“To: My Love, The Spirit in the Air” by Bob Rich

O, I look up and you’re there, my love,
in the dark of the night,
in the air.
I can almost touch you.
You’re a hovering portrait,
framed, suspended above me.
I see you through shimmering purple in the darkness;
and, as I reach up toward you,
the purple light slowly parts like a curtain,
and the air parts like
cold, cold water
upon my touch.
Now, with a clear pathway between us,
I can see your face
more clearly now, my love.
Your perfect face in my waking dream
in this cold, dreadful night.
Your dark, luxuriant hair pouring like fragrant wine
over your soft shoulders,
…while I struggle to sustain the flapping tired wings of this dream…
Reach out to me, love,
from the hovering living oil painting
where you live, in the air.
Please, let us briefly touch,
at least our fingertips,
for a royal fleeting moment —
Stretch out your hand farther,
your true woman’s hand,
the hand of a daughter, an artist, a lover.

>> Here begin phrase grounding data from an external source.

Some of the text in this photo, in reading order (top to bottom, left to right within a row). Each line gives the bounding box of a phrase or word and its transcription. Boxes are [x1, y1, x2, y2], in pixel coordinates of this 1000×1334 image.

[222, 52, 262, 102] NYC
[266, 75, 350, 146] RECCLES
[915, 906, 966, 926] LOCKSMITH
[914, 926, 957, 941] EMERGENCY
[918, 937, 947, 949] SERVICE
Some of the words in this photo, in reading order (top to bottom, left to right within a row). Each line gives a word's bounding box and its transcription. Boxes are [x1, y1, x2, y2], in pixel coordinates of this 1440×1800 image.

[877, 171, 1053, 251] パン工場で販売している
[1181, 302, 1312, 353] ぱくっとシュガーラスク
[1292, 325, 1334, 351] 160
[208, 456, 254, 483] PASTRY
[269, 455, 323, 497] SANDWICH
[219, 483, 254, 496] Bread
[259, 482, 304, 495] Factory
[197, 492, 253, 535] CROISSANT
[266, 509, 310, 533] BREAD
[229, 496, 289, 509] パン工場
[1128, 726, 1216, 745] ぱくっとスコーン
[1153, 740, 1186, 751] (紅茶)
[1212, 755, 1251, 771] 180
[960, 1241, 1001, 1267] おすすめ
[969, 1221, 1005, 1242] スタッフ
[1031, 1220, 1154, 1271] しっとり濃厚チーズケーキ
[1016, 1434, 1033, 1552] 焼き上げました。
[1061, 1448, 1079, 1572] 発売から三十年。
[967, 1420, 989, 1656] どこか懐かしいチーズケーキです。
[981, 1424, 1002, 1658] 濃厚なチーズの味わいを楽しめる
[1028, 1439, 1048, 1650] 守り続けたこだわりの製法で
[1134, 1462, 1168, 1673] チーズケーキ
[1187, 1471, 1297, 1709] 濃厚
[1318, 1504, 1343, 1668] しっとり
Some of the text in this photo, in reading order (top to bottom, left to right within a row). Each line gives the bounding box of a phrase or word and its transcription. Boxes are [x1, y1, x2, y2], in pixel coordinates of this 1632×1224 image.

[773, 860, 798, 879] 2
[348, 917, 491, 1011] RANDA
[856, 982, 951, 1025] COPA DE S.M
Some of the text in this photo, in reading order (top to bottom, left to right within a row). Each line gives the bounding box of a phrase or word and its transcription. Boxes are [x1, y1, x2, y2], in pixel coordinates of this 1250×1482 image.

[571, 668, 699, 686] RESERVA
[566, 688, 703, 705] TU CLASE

I can nearly touch, but not quite…
With tear stains on your cheeks,
and blue paint smeared on your hands,
and the blood of your passion carved like physiological ice
onto your canvases,
and the fire of sorrow unable to touch
the softness or the color or the invincible geometry
of your red and eternal woman’s mouth.
Neither can the flames
of scorching blue sadness
touch even a speck of the wide open seas
of your arms, your back, your woman’s frame.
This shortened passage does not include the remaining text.